PROBLEM REQUIREMENTS |
All of the data below should be printed again word for word, pictures excluded.

EXTRACTED INFORMATION |
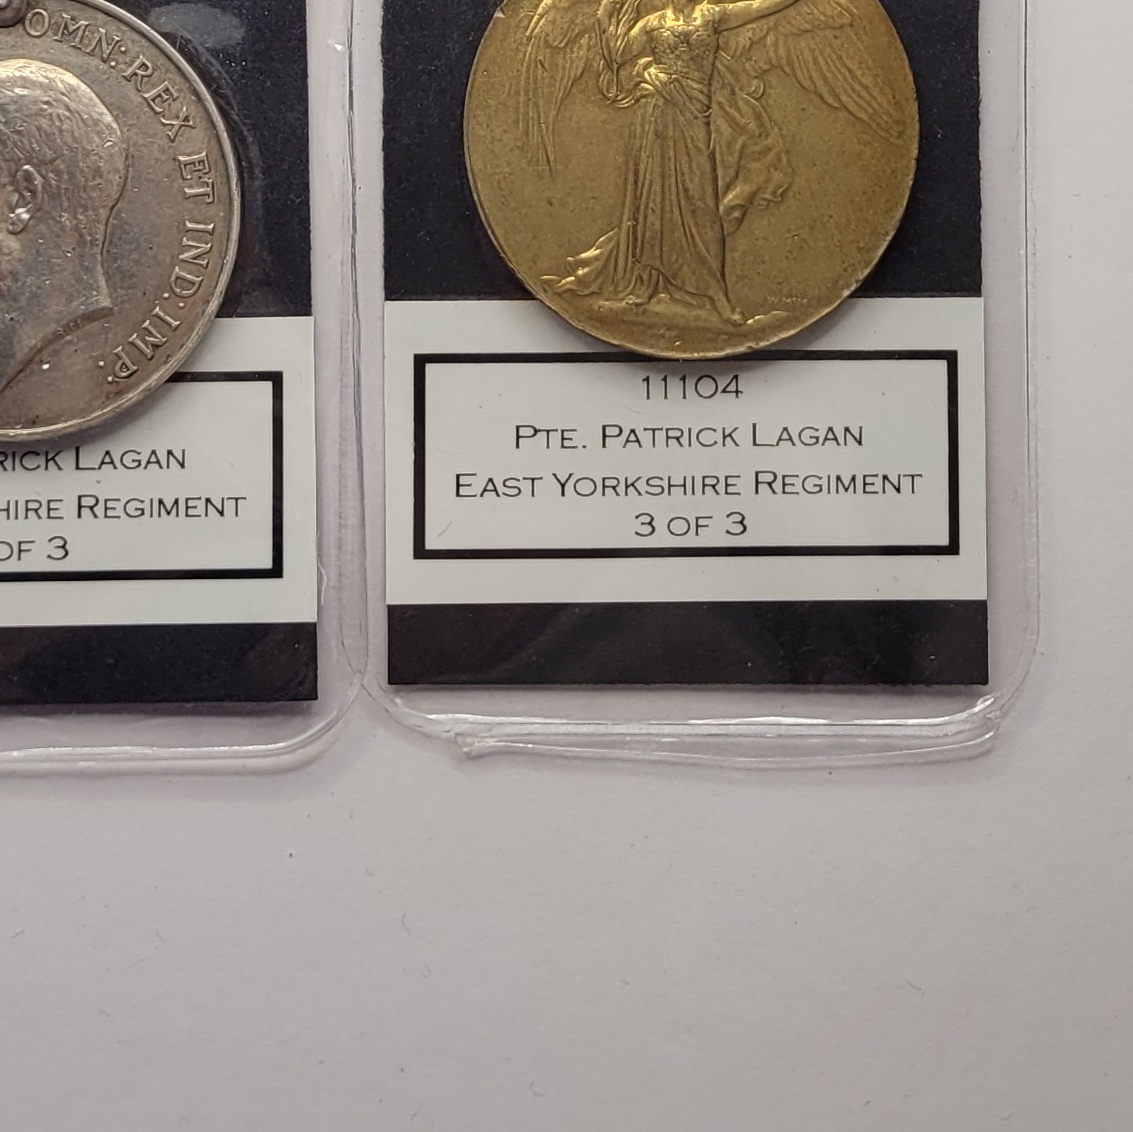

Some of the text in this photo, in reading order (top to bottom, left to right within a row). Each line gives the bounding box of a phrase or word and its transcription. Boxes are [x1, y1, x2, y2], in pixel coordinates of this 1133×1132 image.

[120, 55, 197, 143] REX
[178, 150, 215, 205] ET
[641, 374, 744, 401] 11104
[514, 422, 864, 450] PTE. PATRICK LAGAN
[74, 445, 187, 472] LAGAN
[454, 470, 924, 498] EAST YORKSHIRE REGIMENT
[76, 493, 248, 520] REGIMENT
[634, 511, 748, 538] 3 OF 3
[46, 535, 71, 562] 3

TASK RESULT |
Some of the text in this photo, in reading order (top to bottom, left to right within a row). Each line gives the bounding box of a phrase or word and its transcription. Boxes are [x1, y1, x2, y2], in pixel coordinates of this 1133×1132 image.

[120, 55, 197, 143] REX
[178, 150, 215, 205] ET
[641, 374, 744, 401] 11104
[514, 422, 864, 450] PTE. PATRICK LAGAN
[74, 445, 187, 472] LAGAN
[454, 470, 924, 498] EAST YORKSHIRE REGIMENT
[76, 493, 248, 520] REGIMENT
[634, 511, 748, 538] 3 OF 3
[46, 535, 71, 562] 3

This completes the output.